◆ Assignment: Write out every line below again exactly as it stands, skipping each image.

───── Supplied entries

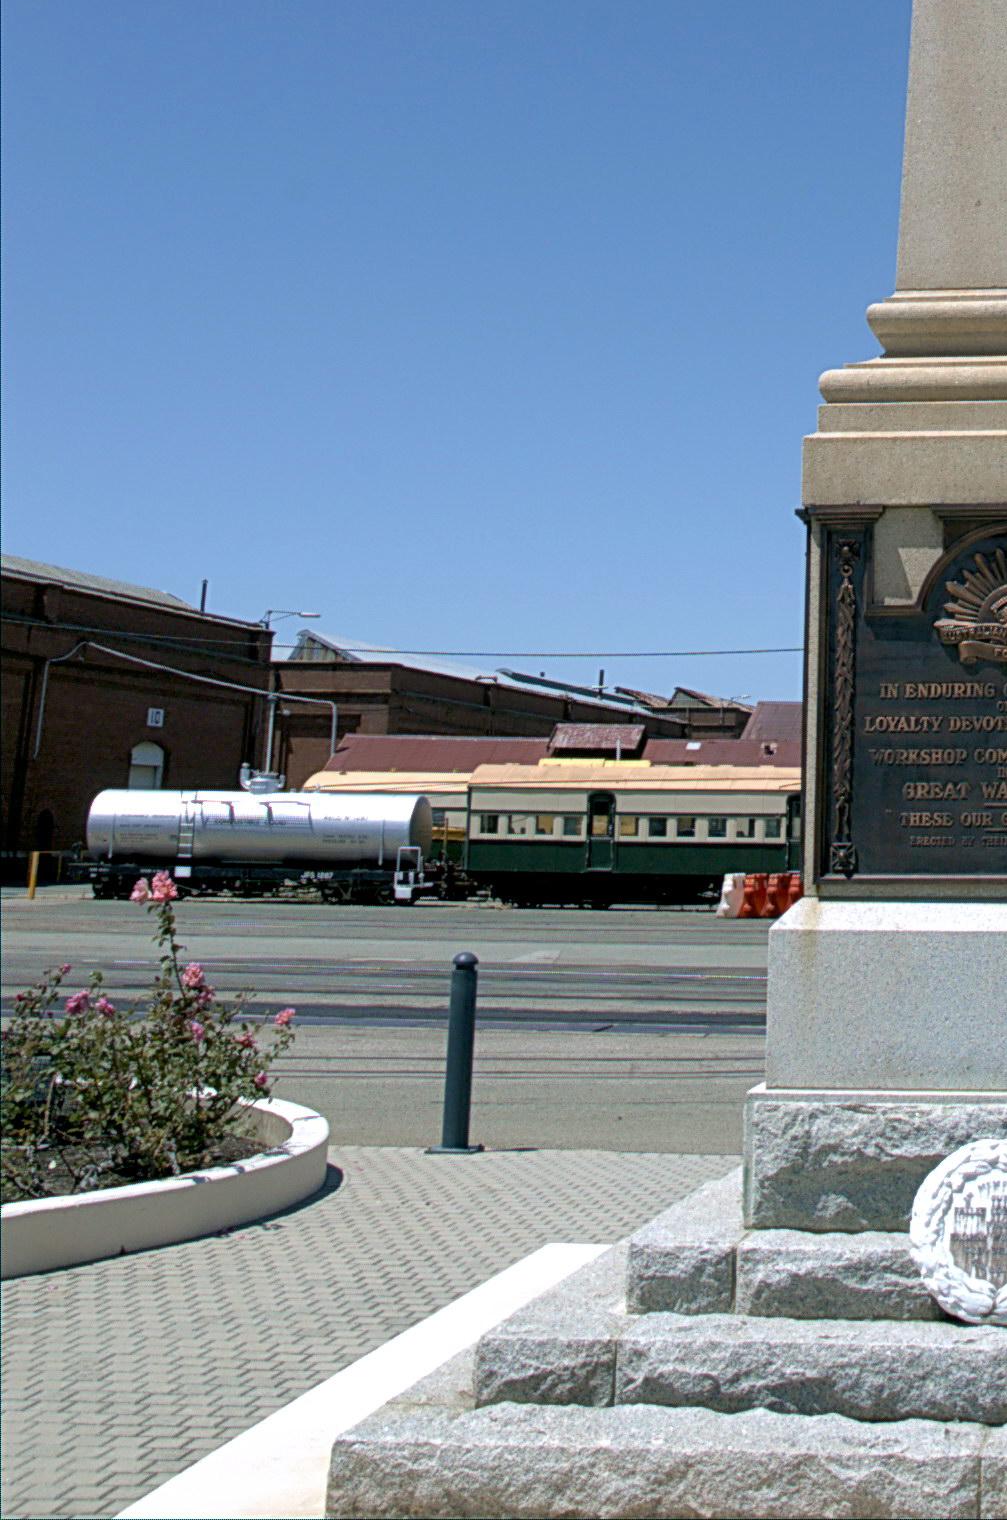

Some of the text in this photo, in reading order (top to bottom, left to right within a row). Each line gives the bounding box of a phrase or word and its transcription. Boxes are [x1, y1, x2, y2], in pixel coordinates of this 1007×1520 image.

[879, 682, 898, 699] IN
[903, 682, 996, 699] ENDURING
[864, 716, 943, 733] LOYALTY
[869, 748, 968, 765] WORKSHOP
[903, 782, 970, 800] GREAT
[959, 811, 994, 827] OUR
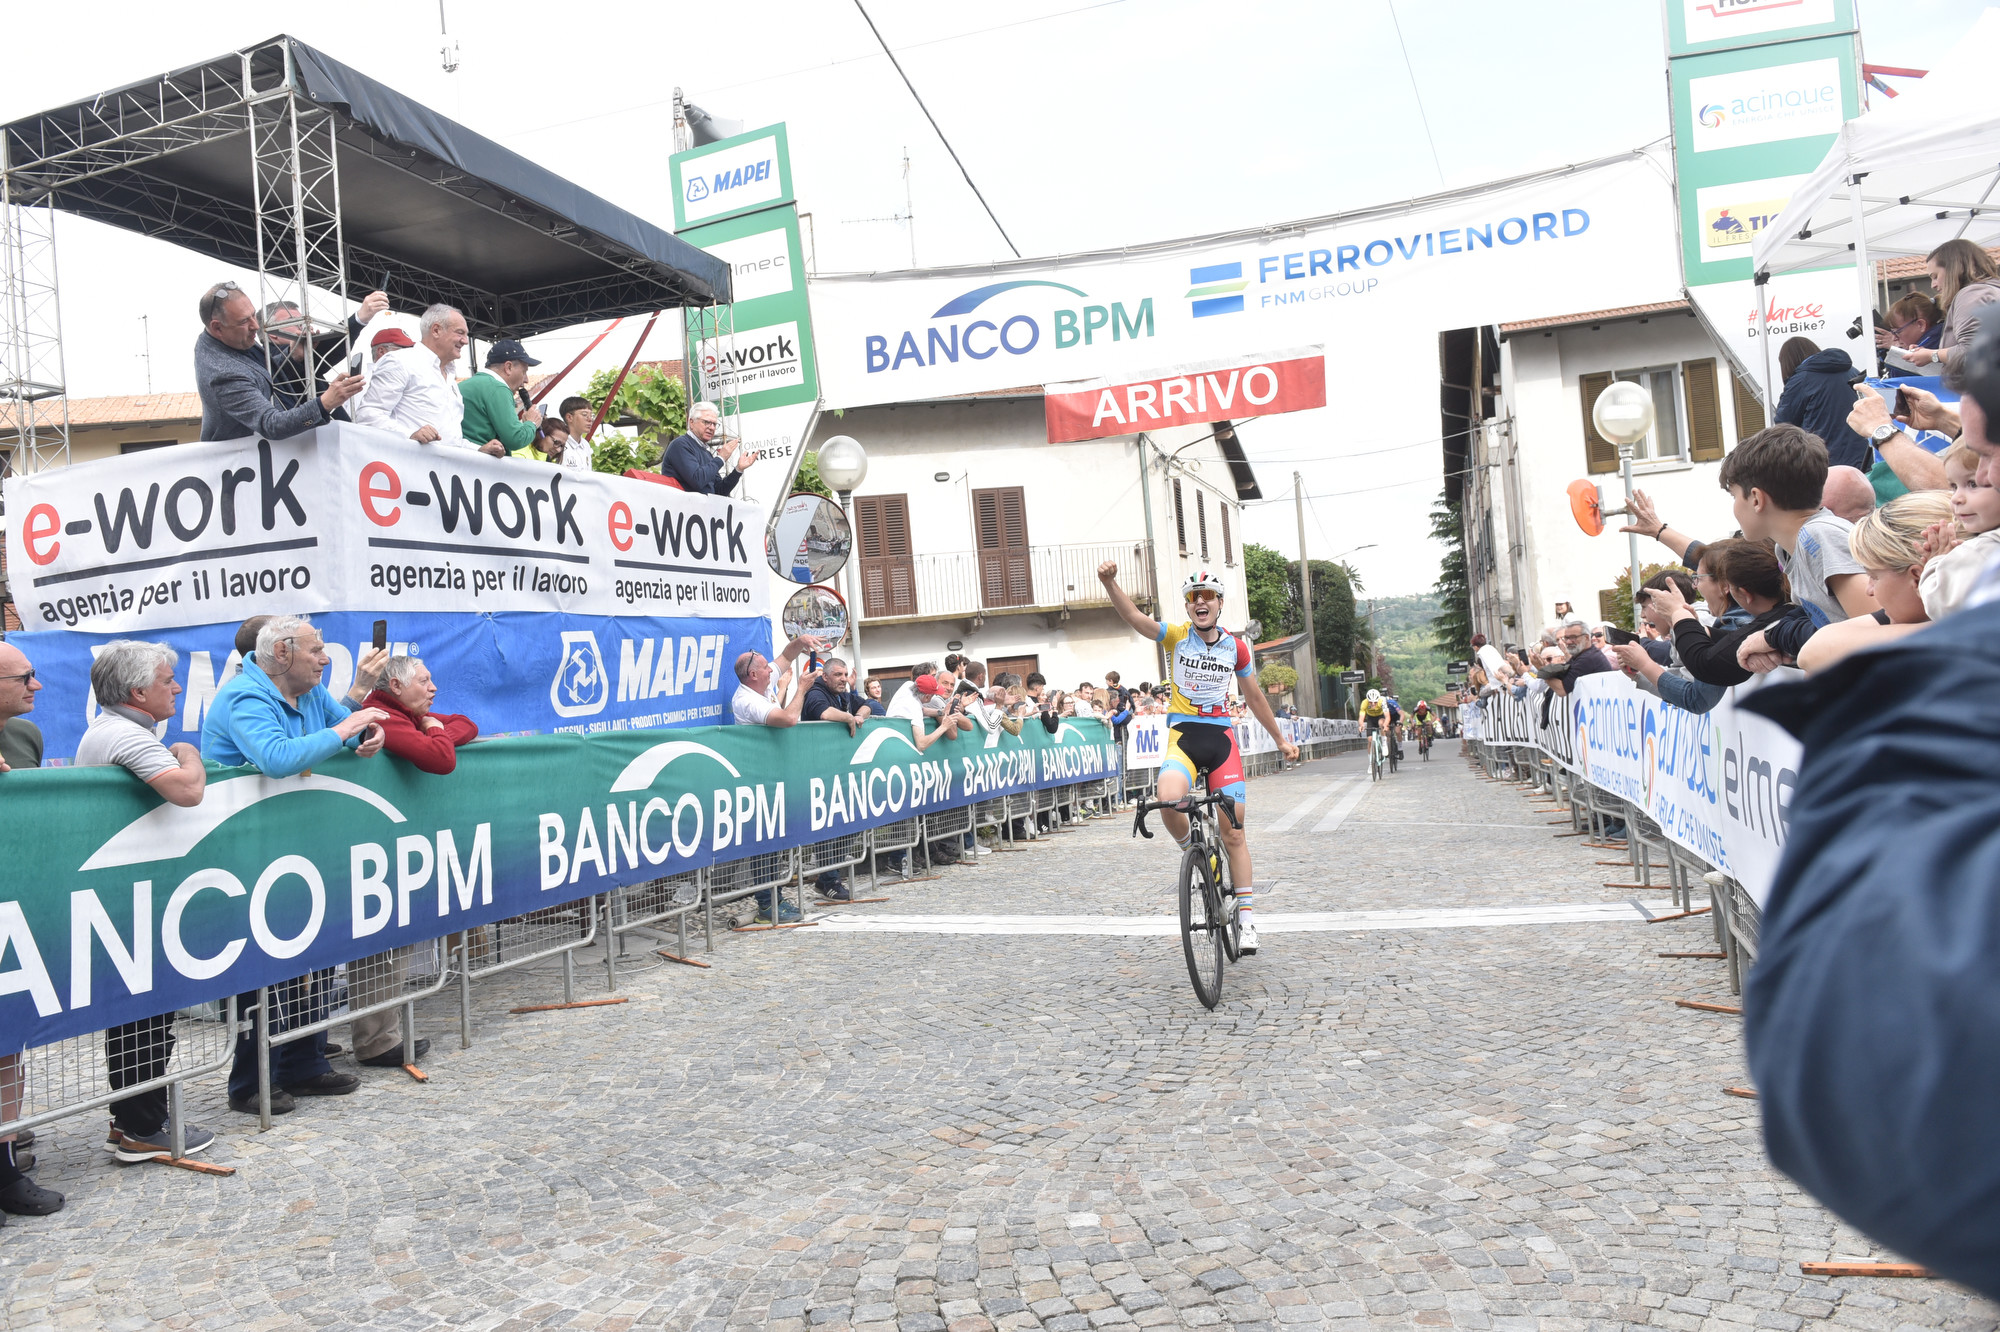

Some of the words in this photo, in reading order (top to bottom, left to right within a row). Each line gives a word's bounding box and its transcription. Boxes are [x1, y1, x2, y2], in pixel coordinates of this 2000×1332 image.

──────────

◆ Output below:
Some of the text in this photo, in reading order (top to bottom, left to right within a row). Each line gives the bounding box of a phrase or word and its transcription. Boxes are [x1, y1, x2, y2], in pixel coordinates of this 1007×1520 image.

[879, 682, 898, 699] IN
[903, 682, 996, 699] ENDURING
[864, 716, 943, 733] LOYALTY
[869, 748, 968, 765] WORKSHOP
[903, 782, 970, 800] GREAT
[959, 811, 994, 827] OUR

Some of the words in this photo, in reading order (top to bottom, left to right within a row). Each line gives a word's bounding box and its transcription. Boxes are [x1, y1, x2, y2], in pixel coordinates of this 2000×1332 image.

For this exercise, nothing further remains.